Sure, if you have easy rules for determining game result, the number of exceptions that needs to be tabulated can be much reduced. I think this was the original idea with KPK in the first posting. You can use the 'rule of squares' for recognizing definite wins, and the 'King in Pawn path close to Pawn or with opposition' for recognizing definite wins. By using more and more complex rules you can even reduce the table to nothing.

The rules in this case would be more interesting than how exactly you organize the exception table. Without knowing the rules that are employed, any exception table would be completely useless. I don't know any rules for KRKB or KRKN.

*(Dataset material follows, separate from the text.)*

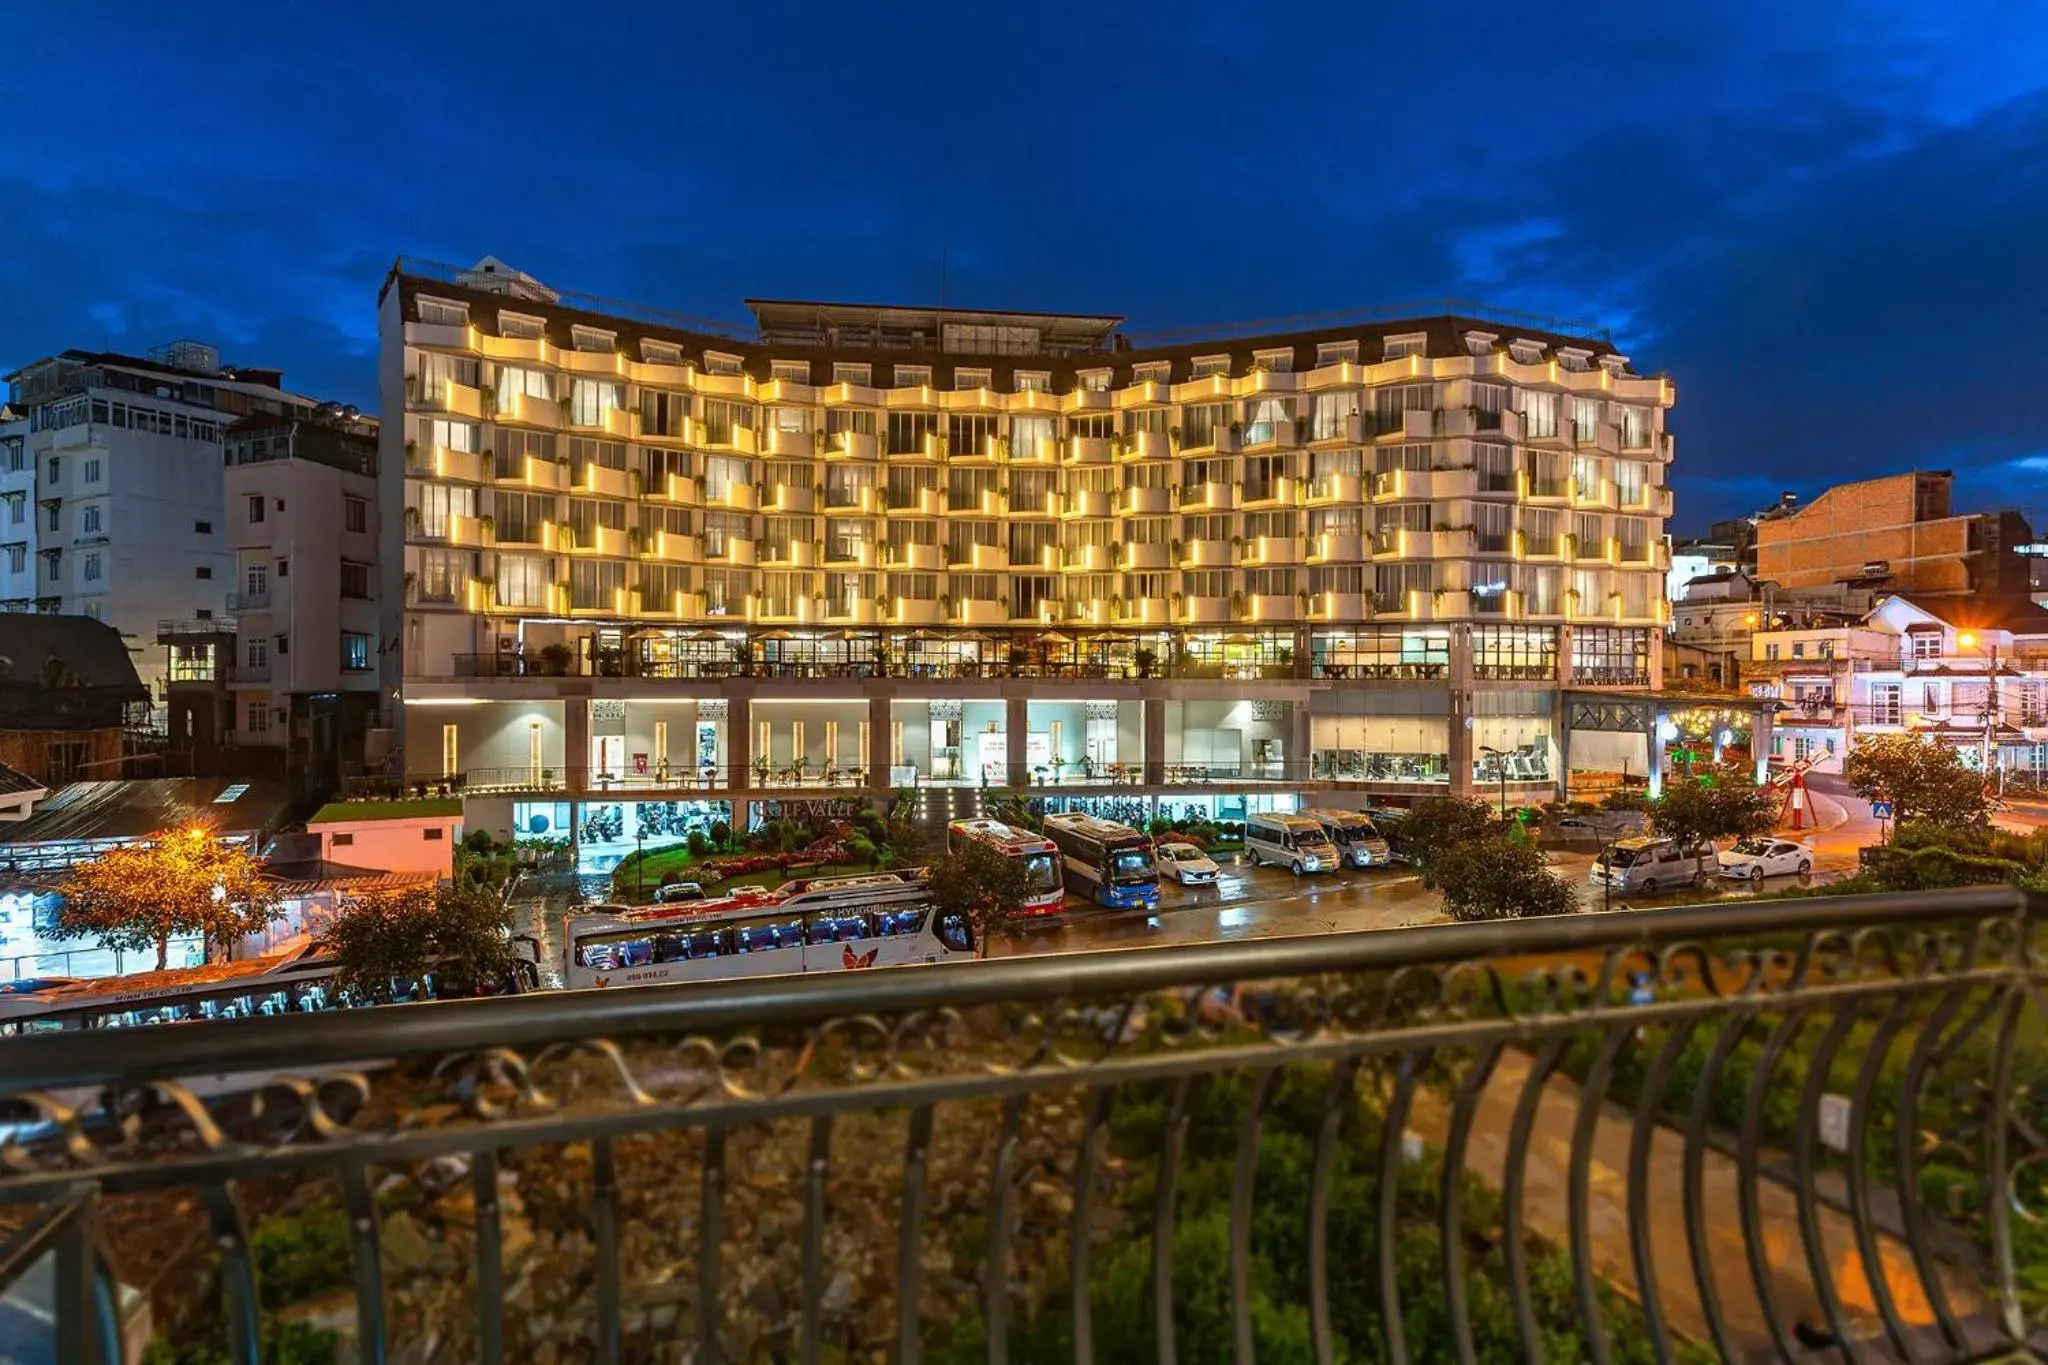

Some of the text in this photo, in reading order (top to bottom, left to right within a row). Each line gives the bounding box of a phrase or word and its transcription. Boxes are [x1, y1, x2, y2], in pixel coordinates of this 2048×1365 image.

[1577, 676, 1651, 686] VIVA STAR COFFEE

Partial EGT can also be used with such rules; E.g. when you are only interested in KBPK positions with an edge Pawn of the wrong promotion color, you can test that first, and only store the part of the EGT with such an edge Pawn for probing. If KRKN is only lost with the weak King on the edge (I don't know if that is true), you can store an EGT that only contains such positions, and declare other positions draw without lookup.

KingSlayer has a dedicated KPK evaluator that is purely rule based; the rules say 'win/loss', 'draw' or 'search on/normal evaluation'. The win/loss and draw rules cover the cases where the actual result would otherwise take many moves to materialize. So a shallow search is always enough to resolve the 'search on' positions. But you still need some search, so in that respect it is inferior to a WDL EGT. In general, I am happy if I can make things such that a shallow search is guaranteed to get the right result. (No 'persistent' mis-evaluations, such as you would get when you think KQKP is +8 but in fact it is a draw.) There will always be positions where the static eval is wrong because of some shallow tactics, and it doesn't make much sense to try to remove that for the particular case of entering a simple end-game.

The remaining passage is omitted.